Sometimes when I listen to a song too much, it gets stuck in my head. That can get quite annoying, but in this case getting a song stuck in your head can be quite useful! For example, you are studying for an important history test that’s all about who discovered Canada. You know that Jacques Cartier took three trips to Canada between 1534 and 1542. From there you could make a rap or a little tune to sing to. Here’s mine:

♪ While Jacques Cartier was on his way to find a new route to Asia

He stumbled upon a new found land that the First Nations called kanata

Although the Huron-Iroquois were only talking ‘bout their settlement

He took it the wrong way and thought it was the country

After he found the land he claimed it all for England

He went back to his home land and

Reported his discoveries

After all this chaos

He came back three more times

All between 1534 and 1542 ♪

That was mine! Don’t forget to get creative! There are some other songs that have been made and posted on YouTube, so if you’re ever having trouble coming up with ideas, you can look up your subject with the word “song” at the end! For example, if you were doing another test on flowers you could look up “flower song” then you should find at least one good song!

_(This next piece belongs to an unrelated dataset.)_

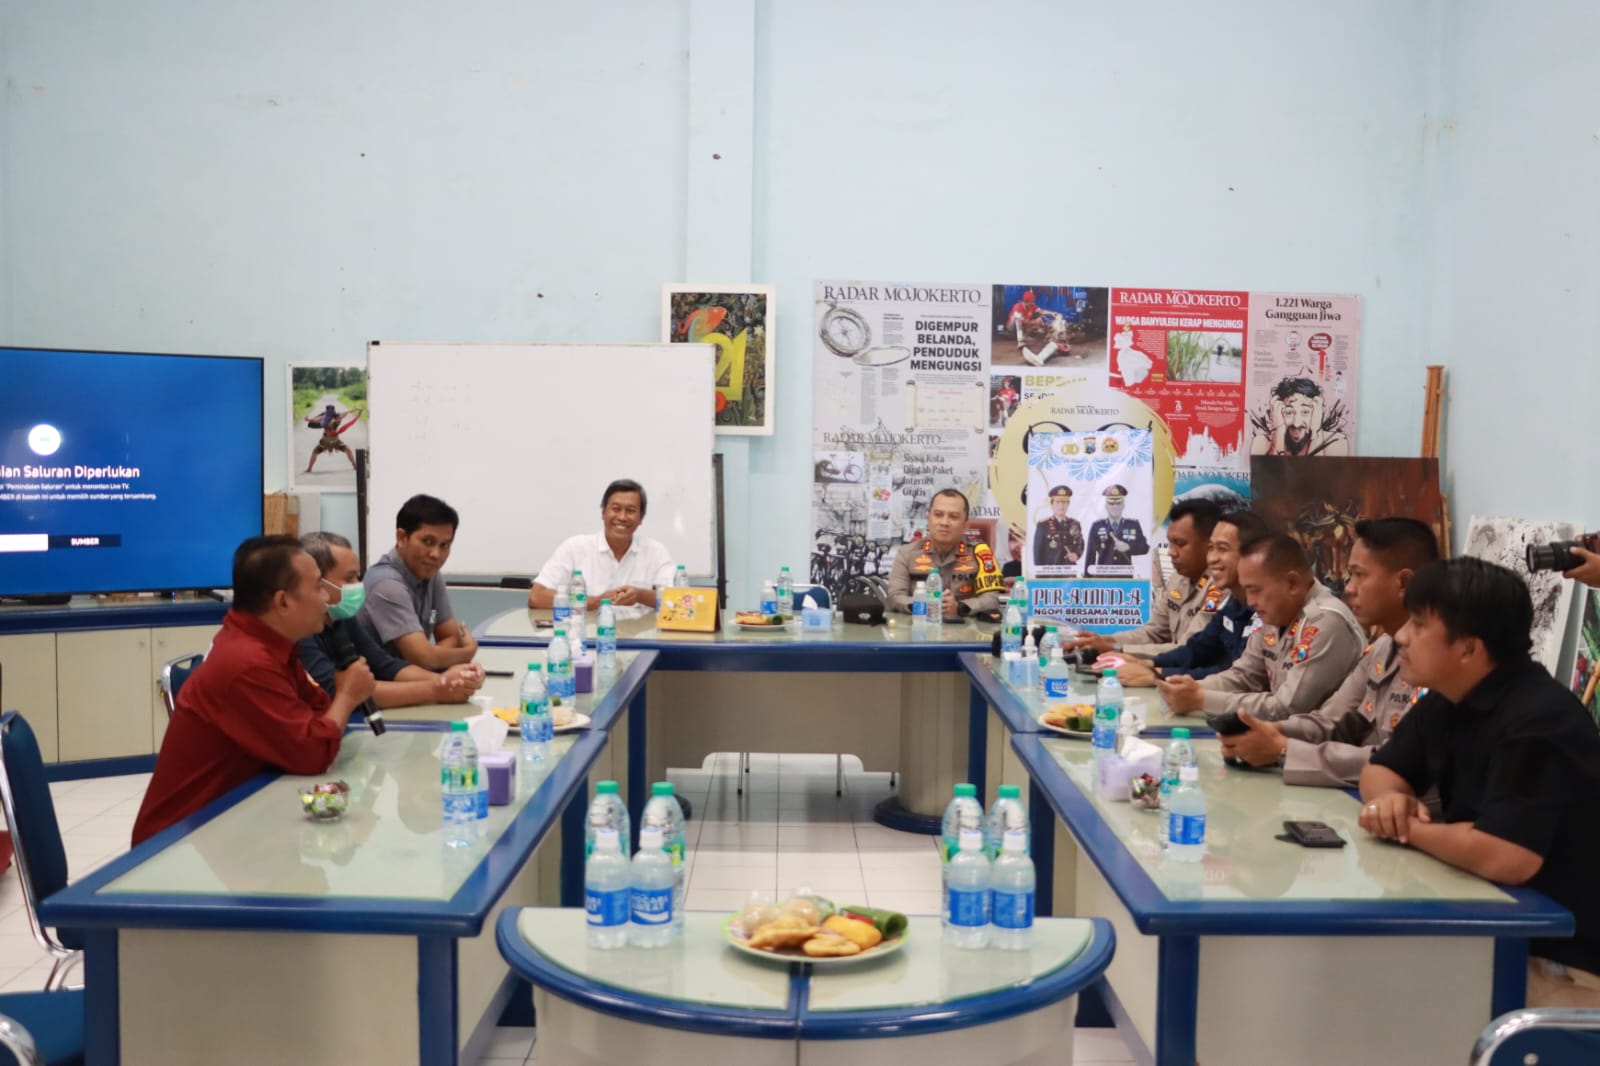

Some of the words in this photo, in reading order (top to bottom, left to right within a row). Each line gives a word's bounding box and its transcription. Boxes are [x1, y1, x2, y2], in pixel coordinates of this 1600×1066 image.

  1. Write out what you want to memorize

By writing out what you would like to remember, it is slowly getting engraved in your mind! For example, if you were to write “photosynthesis” down multiple times, you probably wouldn’t forget how to spell that during an English quiz! I usually use this technique when I have a French test or an English test, but you can also do this with a definition for a science test or an important date, person and occasion in history!

Thank you for reading my top three best strategies for memorizing things quickly and efficiently! My personal favourite tip is to create an acronym! I find that it’s a really funny way to memorize things and sometimes I’m able to make real words out of the letters! I hope that this article will help you to not freeze up as often during a test!